-- Material provided --
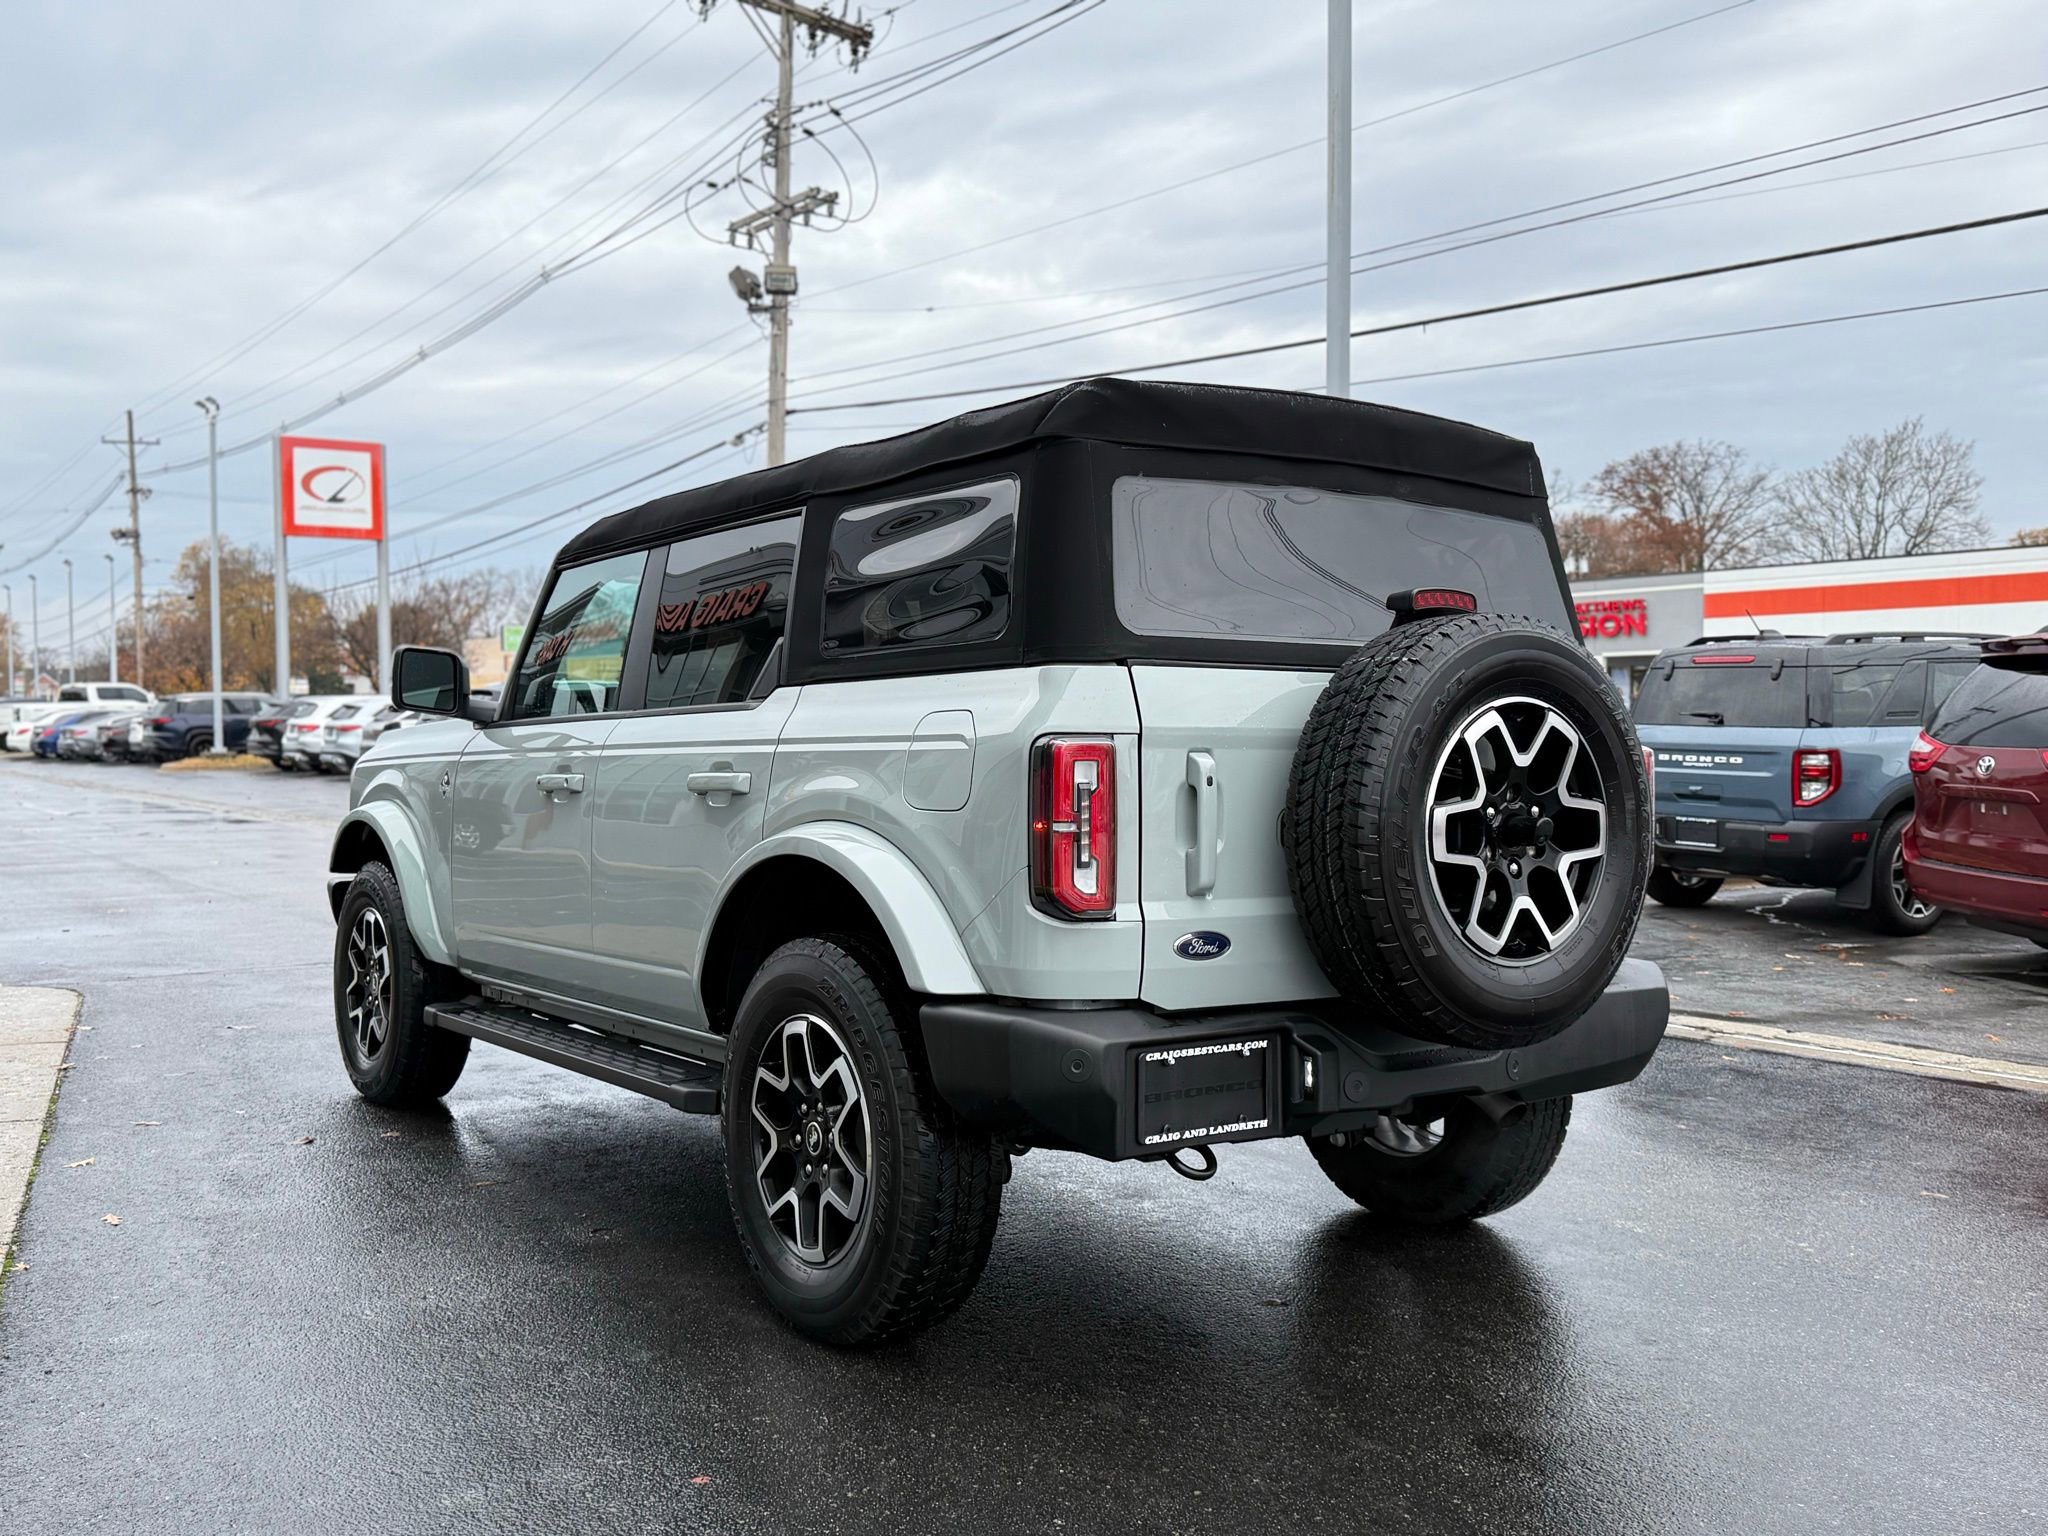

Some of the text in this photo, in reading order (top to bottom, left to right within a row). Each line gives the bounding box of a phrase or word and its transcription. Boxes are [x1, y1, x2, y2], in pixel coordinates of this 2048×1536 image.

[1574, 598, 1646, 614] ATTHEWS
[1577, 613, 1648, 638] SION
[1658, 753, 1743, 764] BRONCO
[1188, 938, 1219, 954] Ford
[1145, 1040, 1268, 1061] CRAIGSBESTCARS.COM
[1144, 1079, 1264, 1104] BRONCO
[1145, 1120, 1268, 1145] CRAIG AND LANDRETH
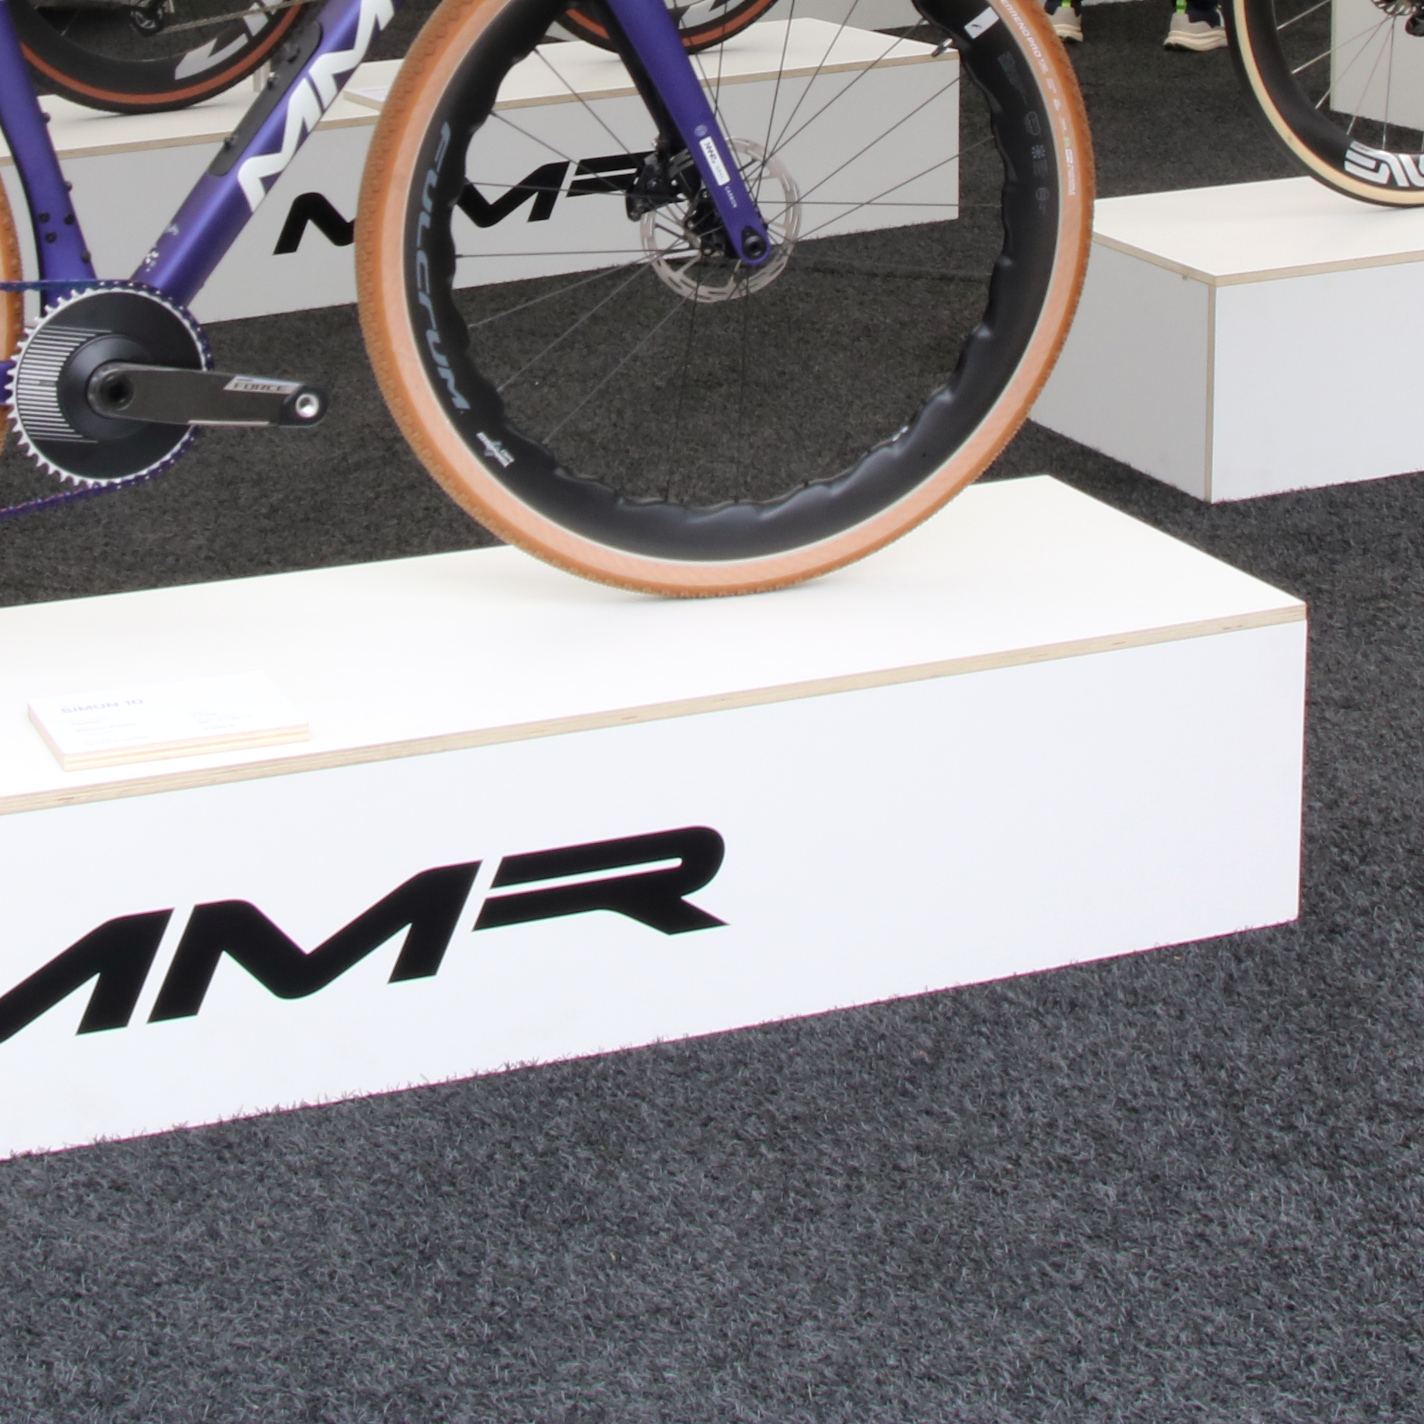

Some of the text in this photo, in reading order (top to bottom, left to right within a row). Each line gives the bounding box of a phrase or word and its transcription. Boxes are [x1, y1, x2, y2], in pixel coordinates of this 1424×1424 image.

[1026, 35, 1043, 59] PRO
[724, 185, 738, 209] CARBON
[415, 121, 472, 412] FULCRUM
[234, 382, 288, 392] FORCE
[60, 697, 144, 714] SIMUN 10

-- Aim of the task --
Omit the pictures and reproduce the remaining material above exactly.

-- Written response --
Some of the text in this photo, in reading order (top to bottom, left to right within a row). Each line gives the bounding box of a phrase or word and its transcription. Boxes are [x1, y1, x2, y2], in pixel coordinates of this 2048×1536 image.

[1574, 598, 1646, 614] ATTHEWS
[1577, 613, 1648, 638] SION
[1658, 753, 1743, 764] BRONCO
[1188, 938, 1219, 954] Ford
[1145, 1040, 1268, 1061] CRAIGSBESTCARS.COM
[1144, 1079, 1264, 1104] BRONCO
[1145, 1120, 1268, 1145] CRAIG AND LANDRETH

Some of the text in this photo, in reading order (top to bottom, left to right within a row). Each line gives the bounding box of a phrase or word and its transcription. Boxes are [x1, y1, x2, y2], in pixel coordinates of this 1424×1424 image.

[1026, 35, 1043, 59] PRO
[724, 185, 738, 209] CARBON
[415, 121, 472, 412] FULCRUM
[234, 382, 288, 392] FORCE
[60, 697, 144, 714] SIMUN 10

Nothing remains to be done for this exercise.